Change Request Detail
No.
802
Date
4/9/2003
Submitter
Type of Request
Payment of a Health Care Claim
Status
DSMO Process Completed
Business Reason
The claim adjustment codes specified in the 835 standard (loop 2100 at claim level and loop 2110 at service level - CAS segment) are not specific enough for payors to communicate the true rejection/denial reason to the providers. Multiple payor proprietary codes that represent variety of reasons map to the same generic HIPAA code(s). As a result, providers impacted by this situation have no other means to decipher the underlying rejection without initiating a phone call or tediously referencing a paper EOB (if available).
Suggestion
All payors MUST report appropriate segment MIA (Medicare Inpatient Adjudication) or segment MOA (Medicare Outpatient Adjudication) at the claim level in loop 2100 or an LQ segment at the service level in loop 2110 if there exists a CAS segment with a claim adjustment code.

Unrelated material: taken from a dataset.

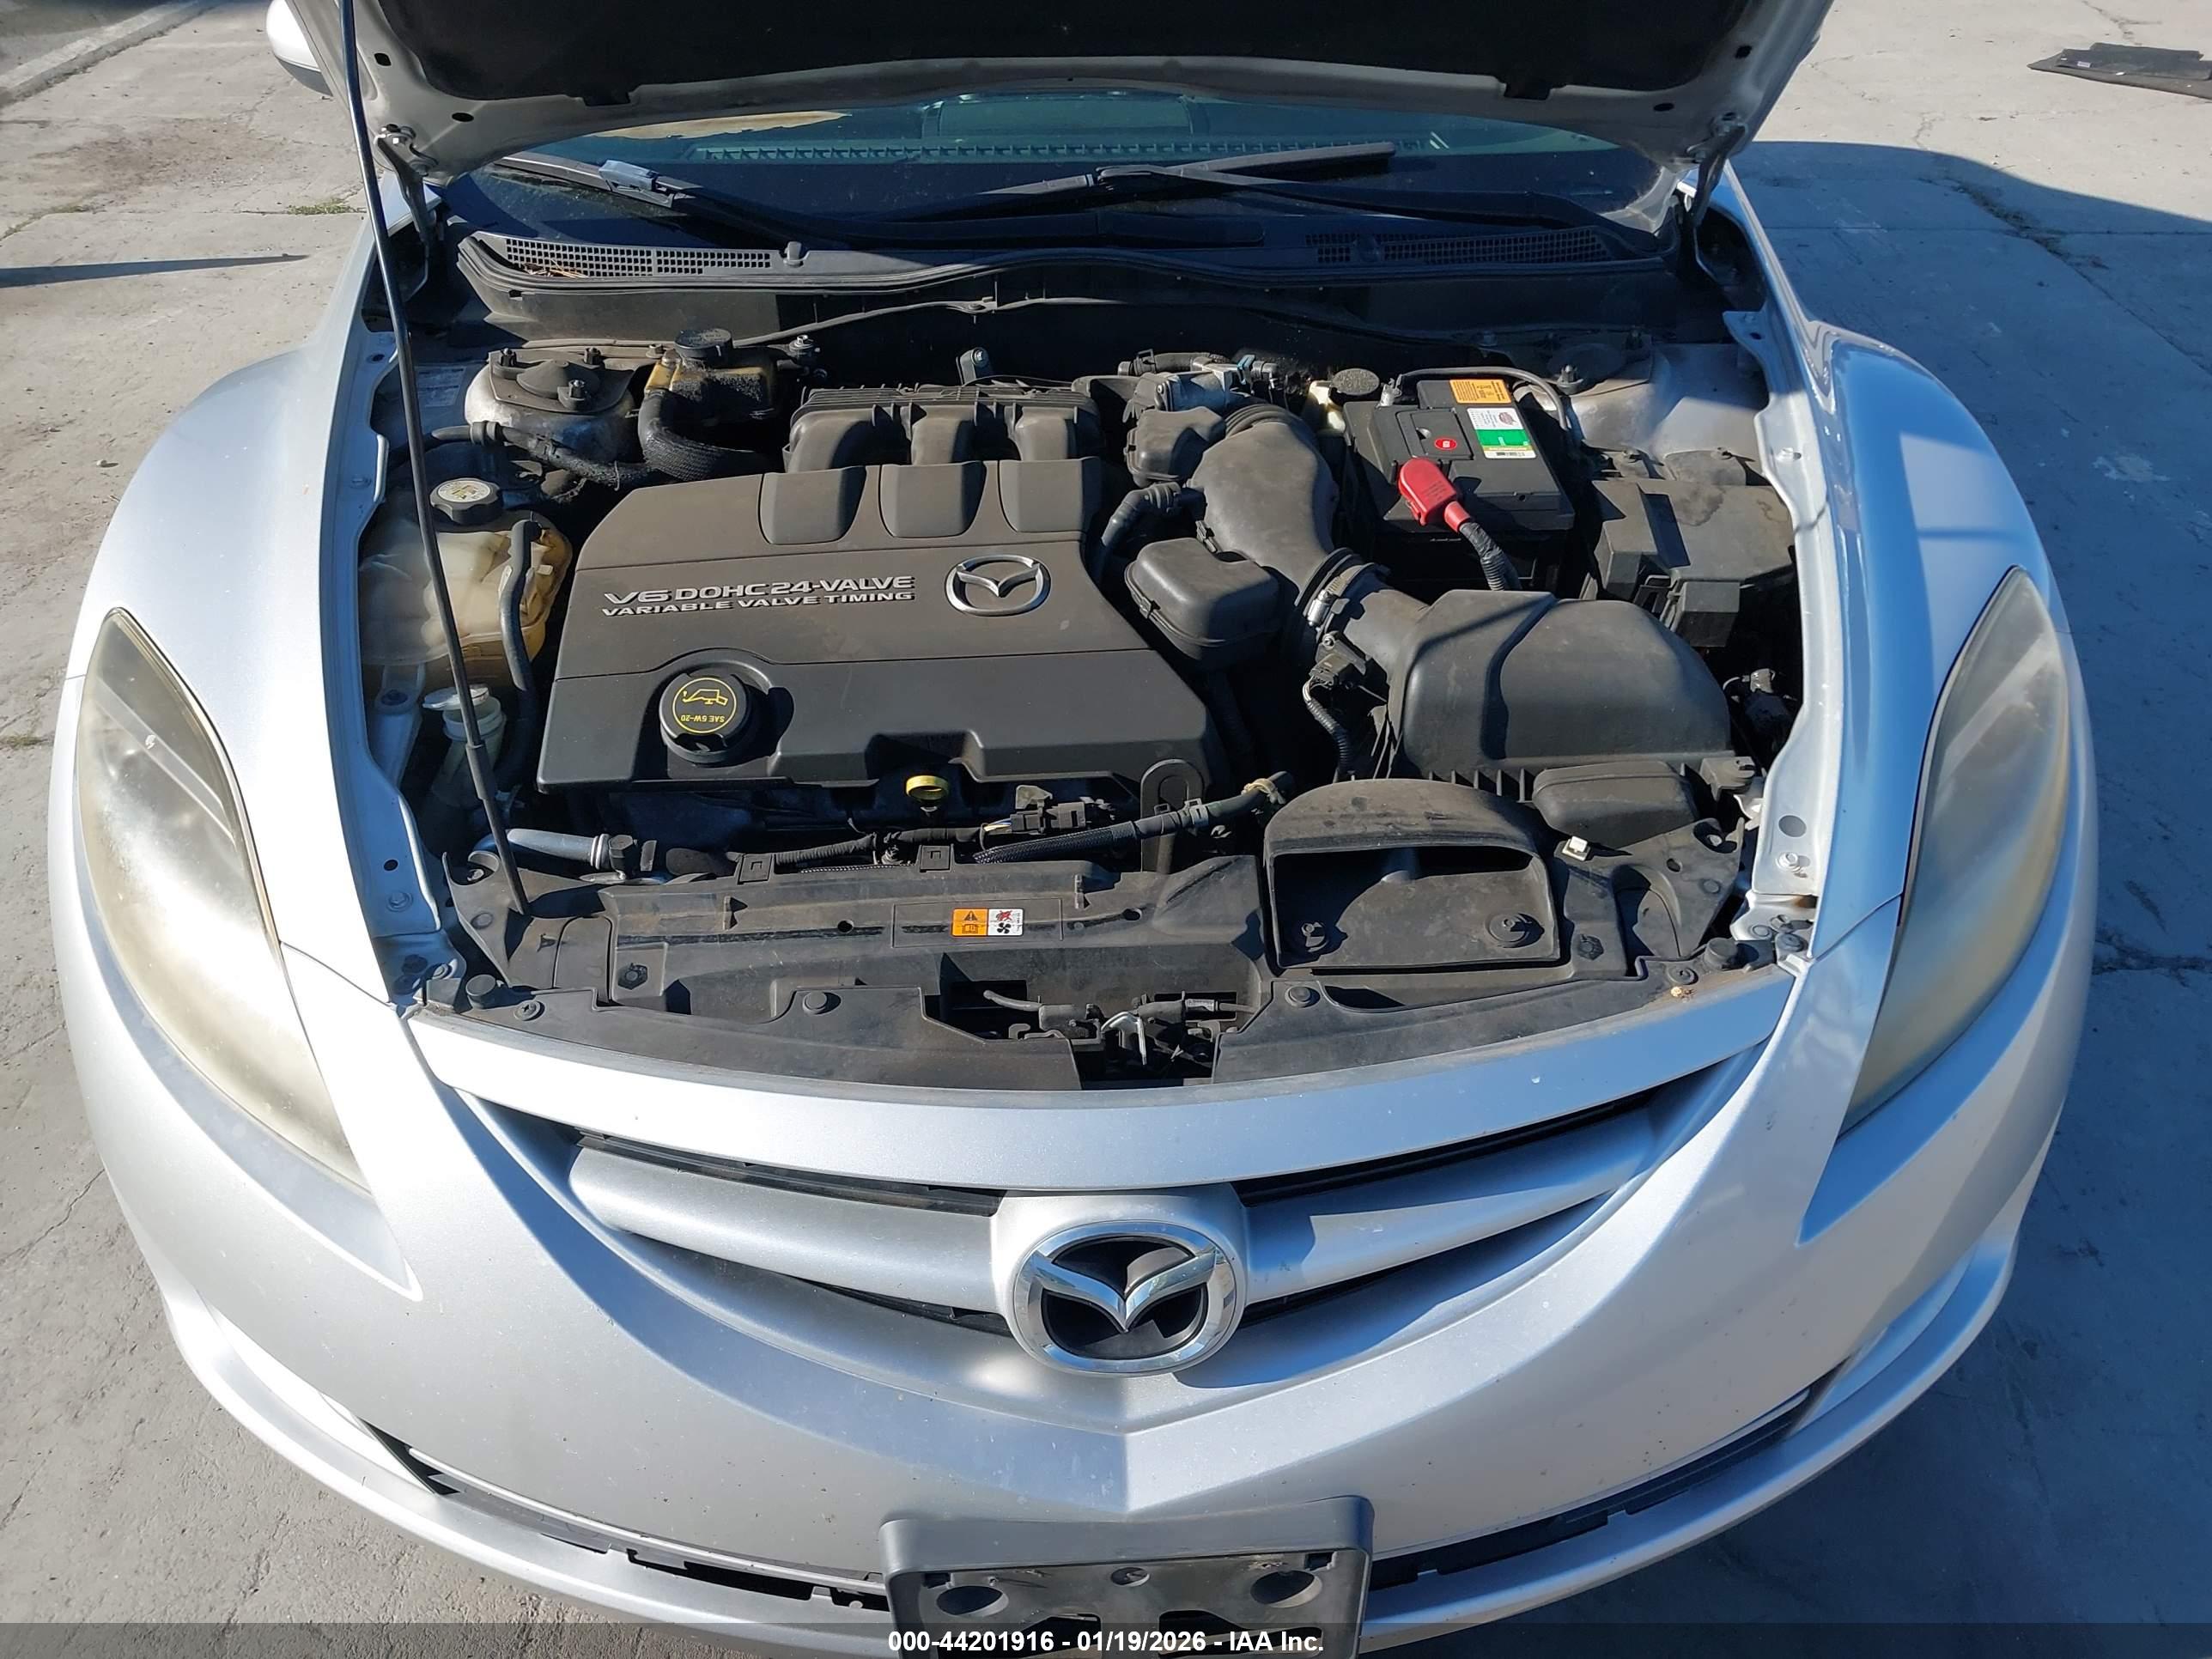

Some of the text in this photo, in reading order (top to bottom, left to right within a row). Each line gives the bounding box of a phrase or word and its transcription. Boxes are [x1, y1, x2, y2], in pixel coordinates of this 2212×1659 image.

[605, 576, 915, 605] V6 DOHC 24-VALVE
[602, 592, 915, 617] VARIABLE VALVE TIMING
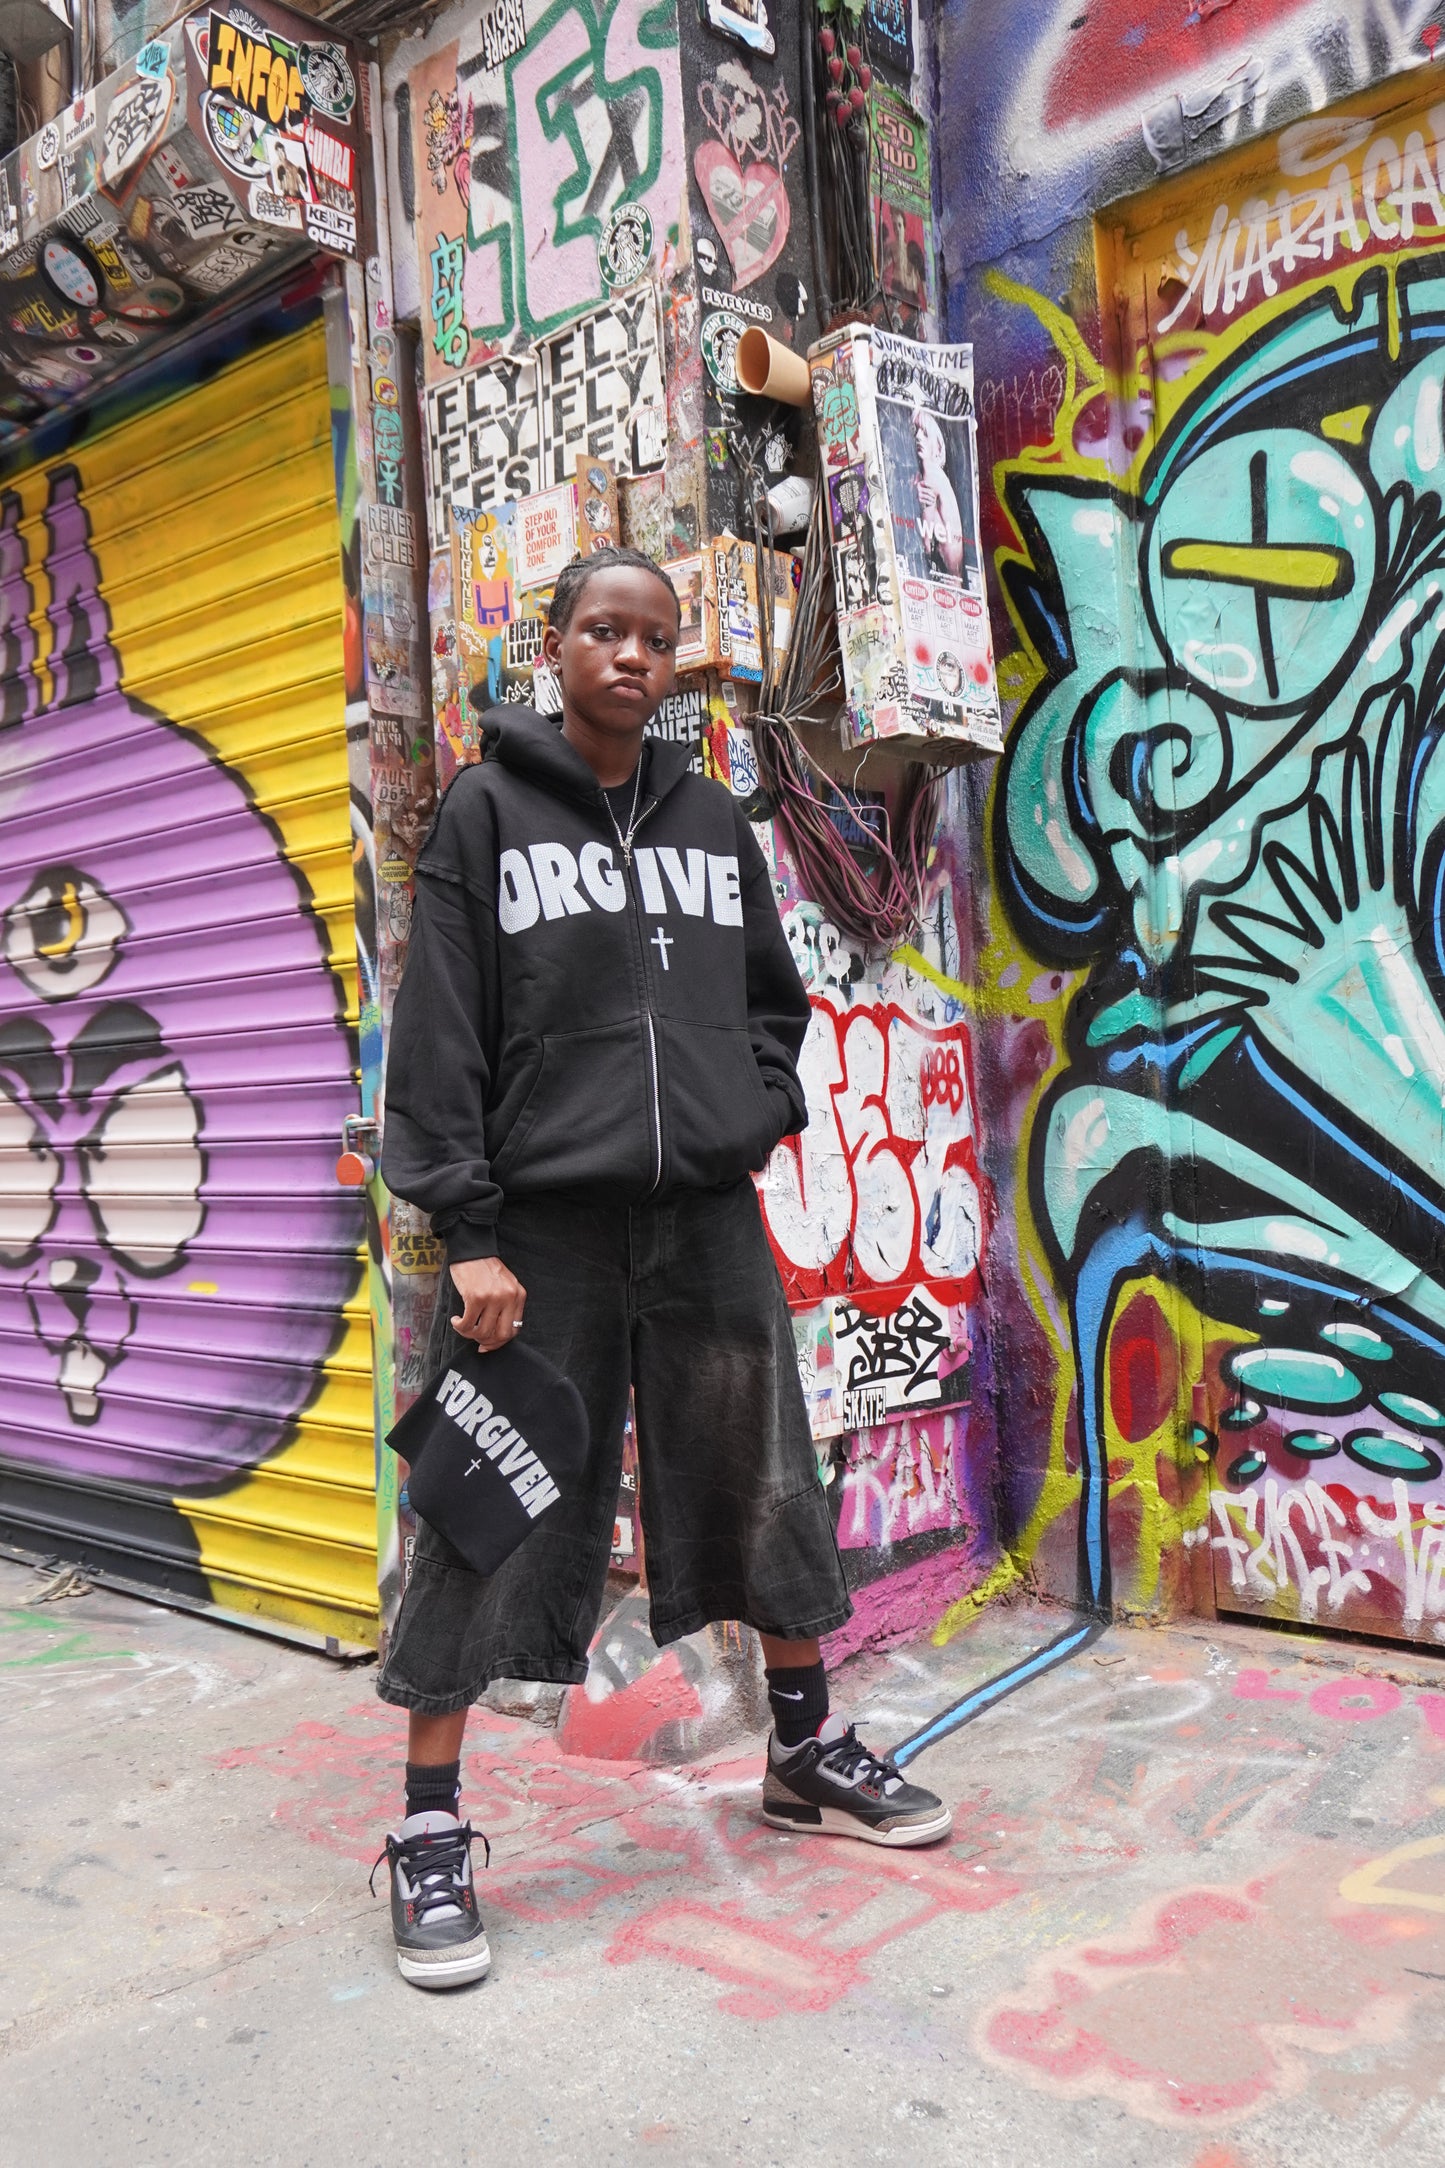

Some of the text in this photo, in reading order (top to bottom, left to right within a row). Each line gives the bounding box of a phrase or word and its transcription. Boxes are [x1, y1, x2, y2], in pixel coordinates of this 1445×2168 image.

If appropriate crosswalk between the payor proprietary claim adjustment code and HIPAA standard claim adjustment code does not exist, the payors should be allowed to report their proprietary code in the remark-code field in appropriate segments on the interim basis. There should also be a new field added to the MIA, MOA and LQ segments to identify whether the code reported in the segment is standard code or proprietary code. The payors should then be required to request additional remark code(s) from CMS via the Washington Publishing Company web page remark code request function per CMS guidelines.
DSMO Category
D
Recommendation
Disapprove. This request should be directed to the Claim Adjustment Reason Code Committee or the HHS Remark Committee.  In addition, providers should ask the payers to supply them with an appropriate mapping, if available, of their proprietary codes to the HIPAA standard codes.  Information is available at www.wpc-edi.com/codes.